In the same vein, the Head of Department, Animal Health, College of Agriculture and Animal Science, Ahmadu Bello University, Dr. Fatimah Bukar Hassan, explained that using waste water to grow plants and vegetables in farms actually serves as fertilizers and do not have harmful effects on humans, as far as the vegetables are properly washed with salt or vinegar it would be ready for consumption.

She however said the use of chemically contaminated water cultivate vegetables do have cumulative harmful effects on humans even if it is properly washed.

Speaking on the quick decay of vegetables, Dr. Hassan said most of the environmental problems being experience in the country could be attributable to human activities, adding that most preservation methods used today are responsible for the quick decay of vegetable.

“In those days, our parents used local methods to preserve vegetable and they were very effective in curbing decay. But today, the methods have changed, hence, the high rate of decay in the plants, she said.

Explaining further, the Head of Training, National Water Resources Institute, said if a fisherman uses gamalin 20 to catch fishes, and we know lots of water goes into fishes, people also take the gamalin 20 directly from these fishes. He added that it’s a movement that ends up in humans and it has lots of gasogenic effects and other things that are quite injurious to the body.

Dr. Eduve advised consumers to be very careful of the source of their vegetables, not just being fresh but how does it smell, as well as the type of constituents they are getting from these vegetables and the kind of water farmers are using to cultivate them.

Corroborating the HOD of Animal Health, College of Agriculture and Science, ABU, Dr. Eduvie said in terms of how long vegetables last sometimes might not be directly related to waste water, until a research is carried out especially from the agricultural section, but then the constituents of the water itself that is use for irrigation have quite an impact.

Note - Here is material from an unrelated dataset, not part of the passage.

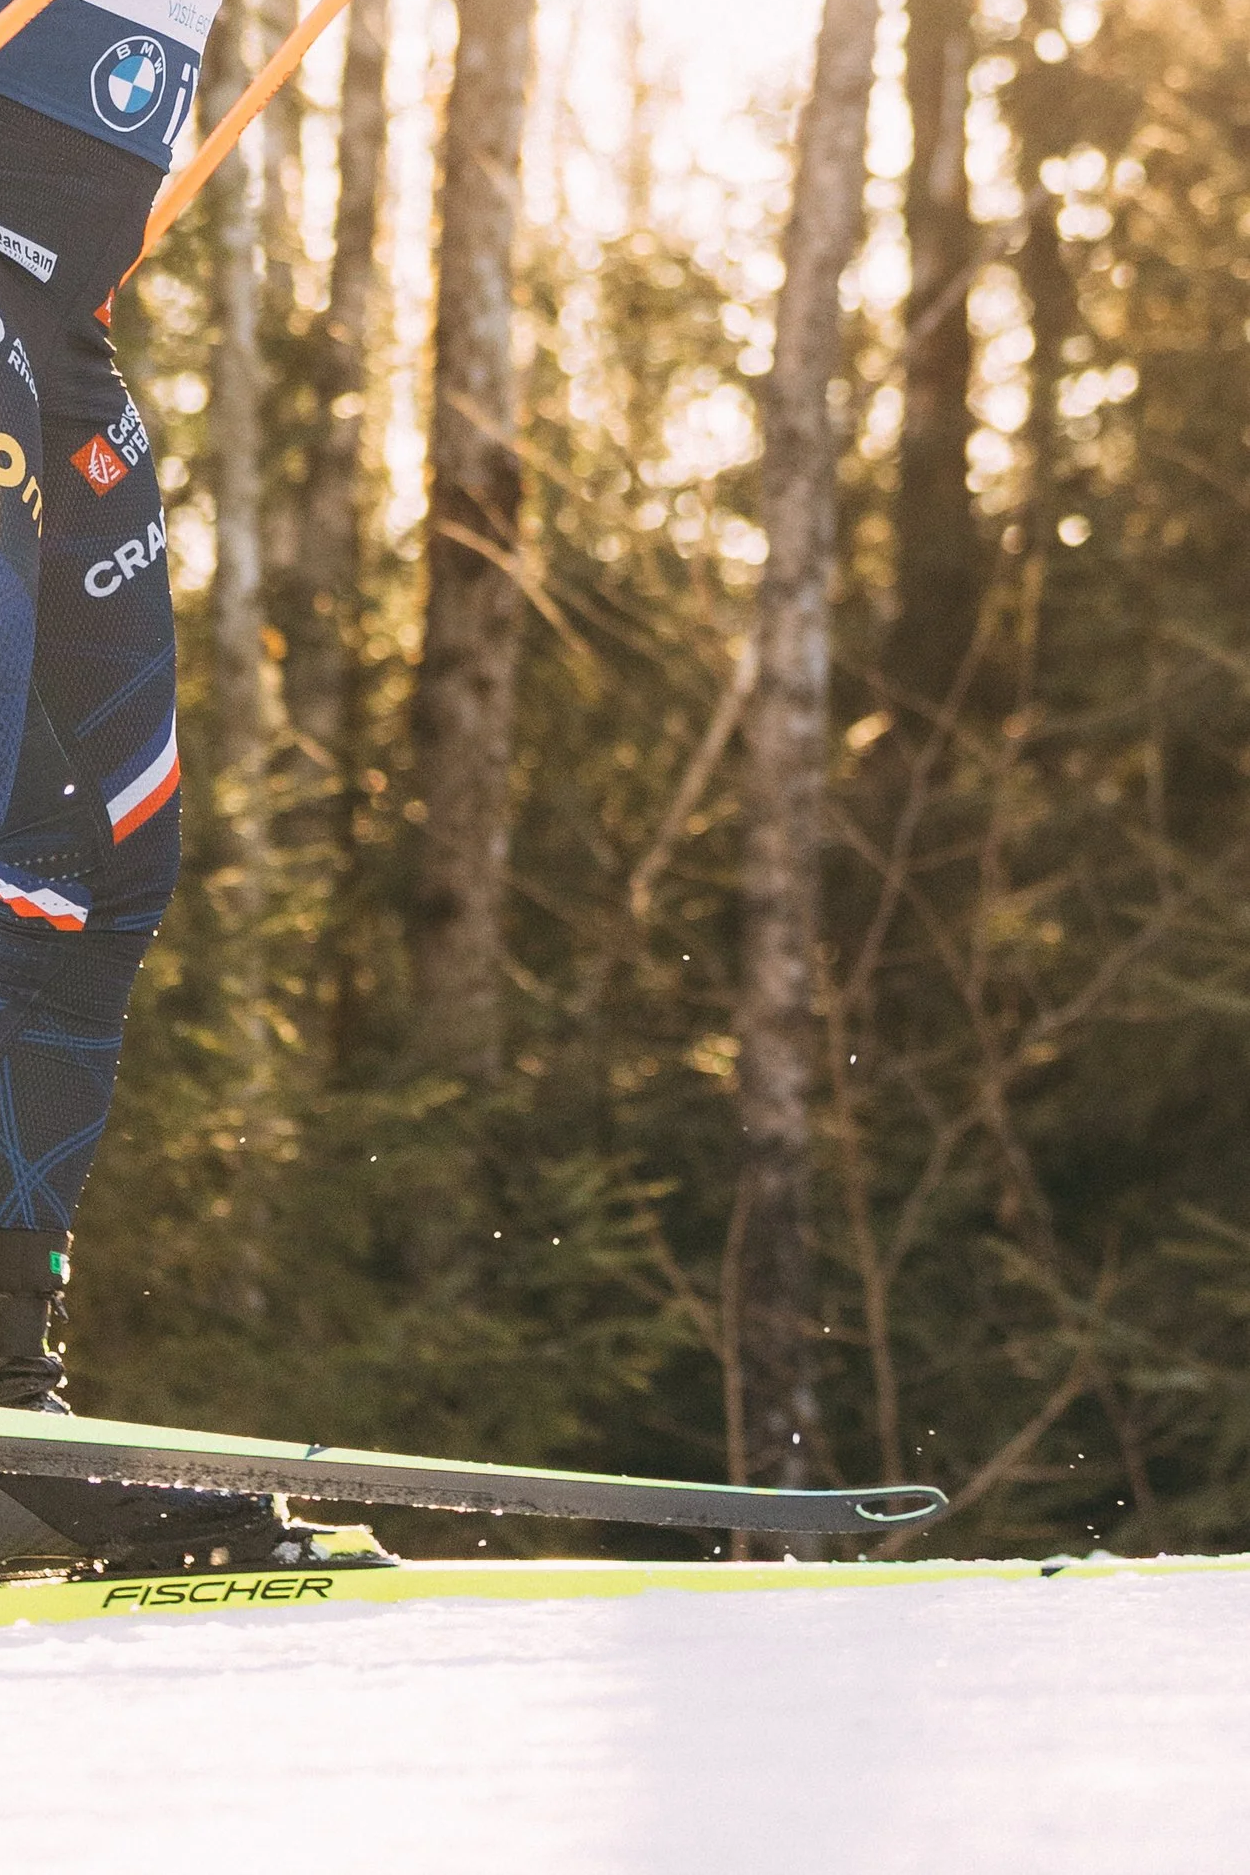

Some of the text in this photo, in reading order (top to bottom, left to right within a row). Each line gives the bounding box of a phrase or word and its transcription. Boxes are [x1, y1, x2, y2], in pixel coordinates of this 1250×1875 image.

[116, 41, 164, 75] BMW
[83, 506, 167, 598] CRA
[101, 1576, 334, 1609] FISCHER

He said farmers could source for cheaper method of getting good water like the tube wells within the fadama zones. And there were lots of people who are ready to assist them to have tube wells that they could use both for agricultural purposes and drinking, and this will help to eliminate a number of diseases.
He said that the National Water Resources Institute train youth on various simple methods of drillings, even in hand dug well and the Institute could train local farmers on how to acquire such water system which they could use for their farms and other purposes if they have challenges.

“The Institute also offered free consultancy services when it comes to looking for work. For our host communities when there is a need for water we give them direct access in terms of drilling the borehole and hand it over to them. So farmers could avail themselves for capacity building or even direct interventions,” he added.

But the Assistant Director, African Climate Reporters, Dr Piman Hoffman, said that any water that has been affected in quality due to human activities can be regarded as wastewater and is very harmful.
He said that the use of wastewater containing toxic wastes coupled with lack of adequate finances for treatment is likely to cause an increase in incidence of water borne diseases as well as rapid environmental degradation.

Hoffman added that the most common health hazards associated with domestic wastewater includes; diseases caused by viruses, bacteria and protozoa that may get washed into drinking water supplies or receiving water bodies.

In other to reduce the problems, Hoffman recommended that proper treatment of dump sites. He said government could procure solid waste evacuating vehicles at a subsidize rates for residents to use and evacuate solid wastes.

While calling on ministries of environment and health to commence sensitization campaign on the dangers of dumping trash into gutters. He appealed to Nongovernmental organizations (NGOs), Civil Society Organizations, (CSOs) with focus on environment, National Emergency Management Agency, (NEMA), States Emergency Management Agency, (SEMA), and National Orientation Agency, (NOA) among others to support the government in raising awareness on the importance of hygiene, so as to halt the spread of diseases.